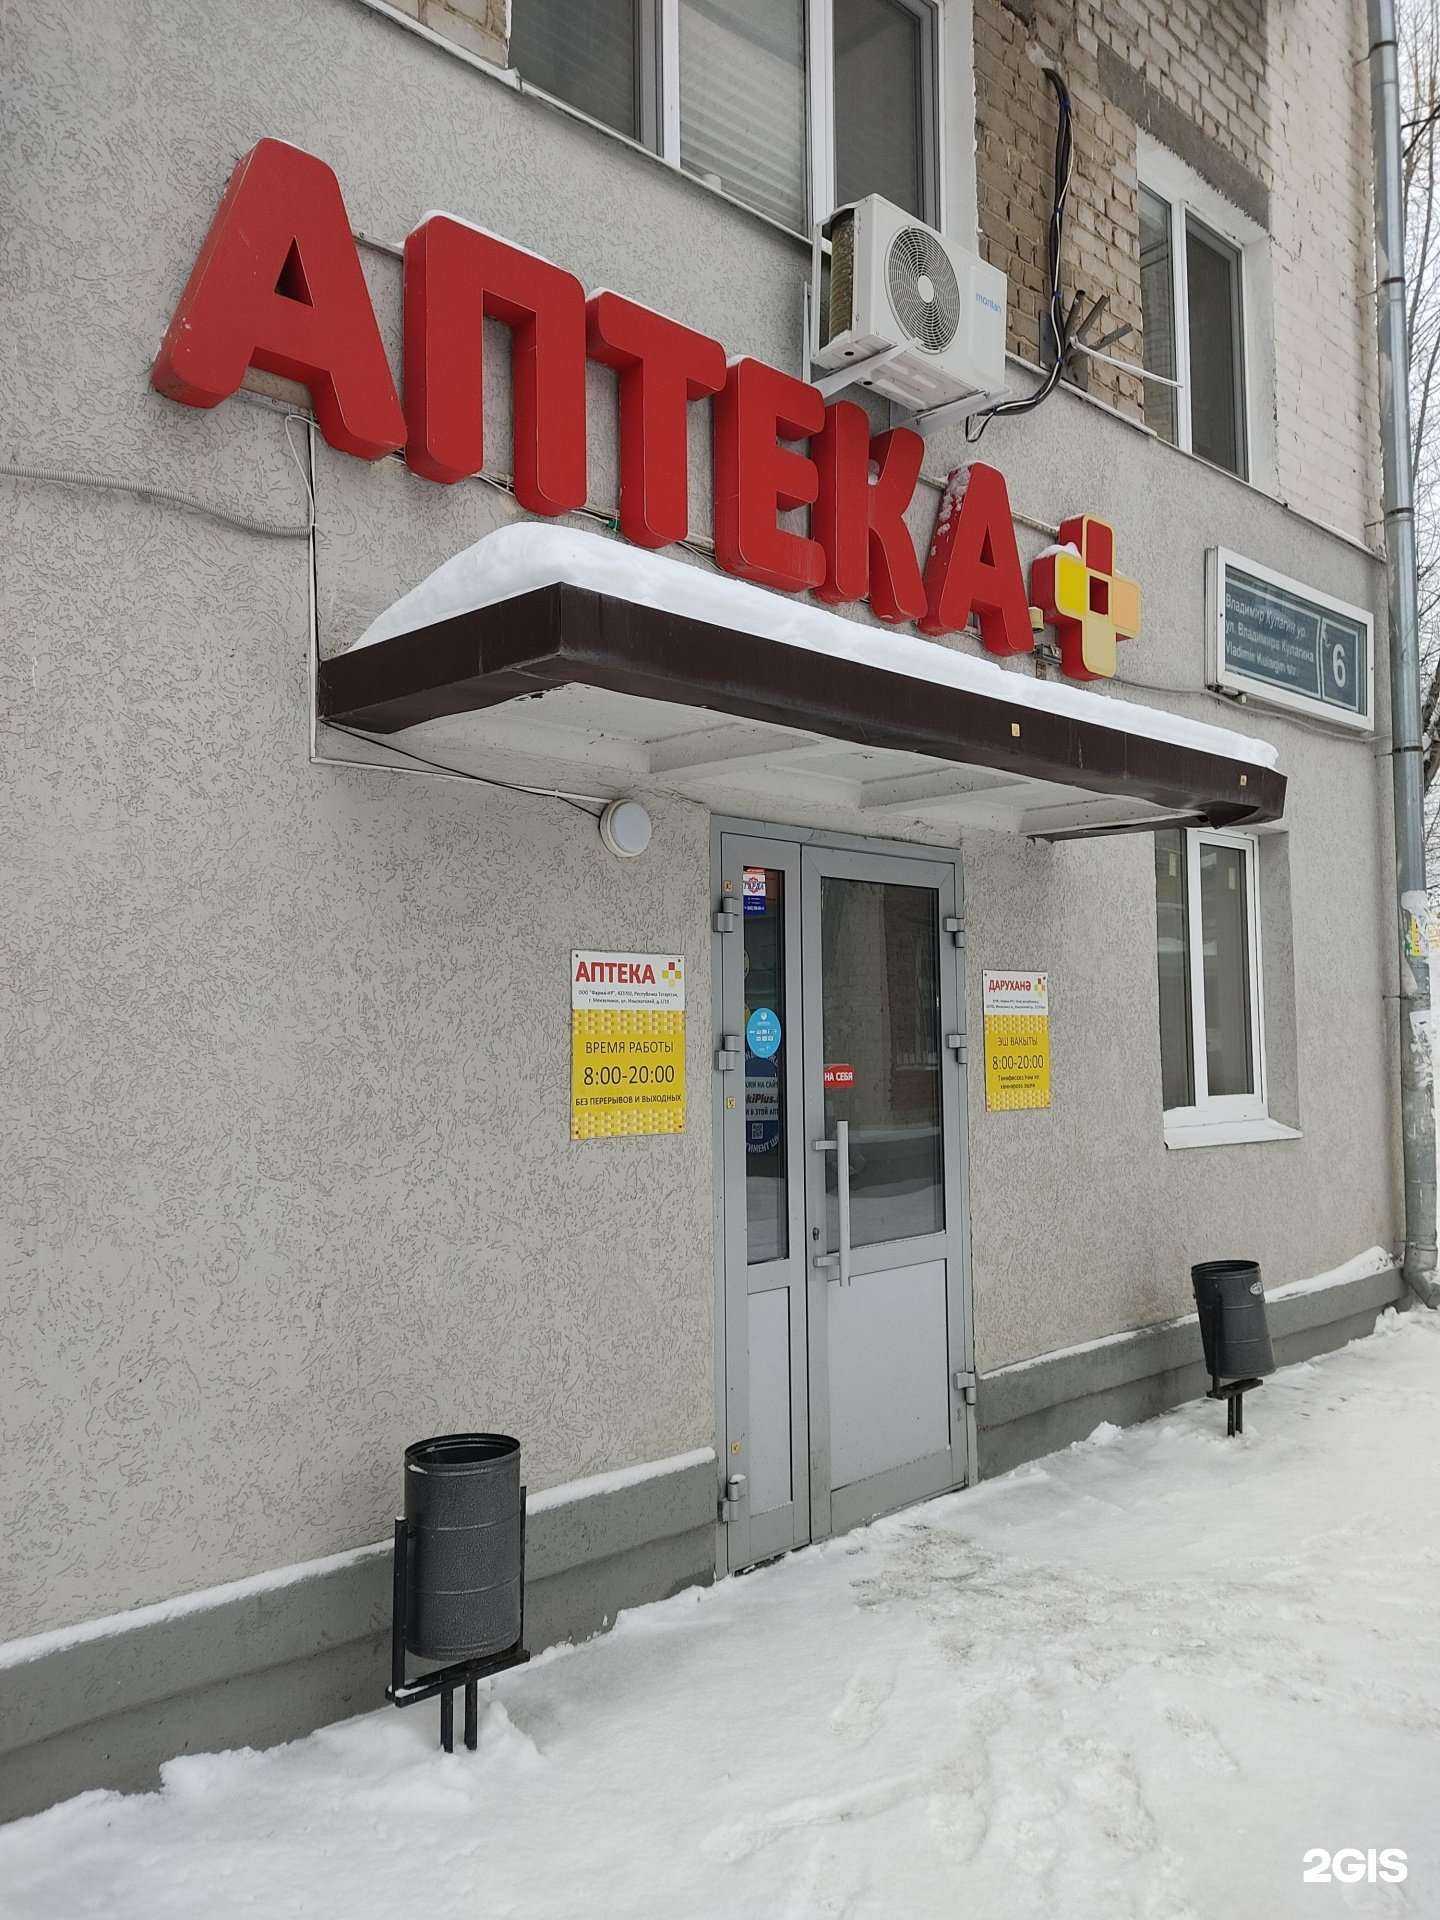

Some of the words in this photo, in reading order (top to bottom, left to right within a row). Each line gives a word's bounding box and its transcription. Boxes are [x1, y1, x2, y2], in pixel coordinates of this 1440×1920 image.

[151, 137, 1033, 657] АПТЕКА
[1225, 593, 1264, 625] Владимир
[1265, 608, 1296, 633] Кулагин
[1281, 639, 1314, 663] Кулагина
[1332, 643, 1346, 688] 6
[575, 961, 656, 985] АПТЕКА
[988, 979, 1031, 992] ДАРУХАНӘ
[585, 1041, 625, 1054] ВРЕМЯ
[629, 1040, 674, 1053] РАБОТЫ
[997, 1036, 1009, 1046] ЭШ
[1010, 1036, 1038, 1046] ВАКЫТЫ
[992, 1054, 1044, 1070] 8:00-20:00
[583, 1065, 675, 1086] 8:00-20:00
[824, 1071, 834, 1081] НА
[835, 1071, 853, 1081] СЕБЯ
[575, 1098, 588, 1106] БЕЗ
[590, 1096, 633, 1105] ПЕРЕРЫВОВ
[634, 1095, 640, 1103] И
[642, 1094, 682, 1103] ВЫХОДНЫХ
————————
Leave out the images and repeat the rest of the data word for word.

Some of the words in this photo, in reading order (top to bottom, left to right within a row). Each line gives a word's bounding box and its transcription. Boxes are [x1, y1, x2, y2], in pixel coordinates of this 1440×1920 image.

[151, 137, 1033, 657] АПТЕКА
[1225, 593, 1264, 625] Владимир
[1265, 608, 1296, 633] Кулагин
[1281, 639, 1314, 663] Кулагина
[1332, 643, 1346, 688] 6
[575, 961, 656, 985] АПТЕКА
[988, 979, 1031, 992] ДАРУХАНӘ
[585, 1041, 625, 1054] ВРЕМЯ
[629, 1040, 674, 1053] РАБОТЫ
[997, 1036, 1009, 1046] ЭШ
[1010, 1036, 1038, 1046] ВАКЫТЫ
[992, 1054, 1044, 1070] 8:00-20:00
[583, 1065, 675, 1086] 8:00-20:00
[824, 1071, 834, 1081] НА
[835, 1071, 853, 1081] СЕБЯ
[575, 1098, 588, 1106] БЕЗ
[590, 1096, 633, 1105] ПЕРЕРЫВОВ
[634, 1095, 640, 1103] И
[642, 1094, 682, 1103] ВЫХОДНЫХ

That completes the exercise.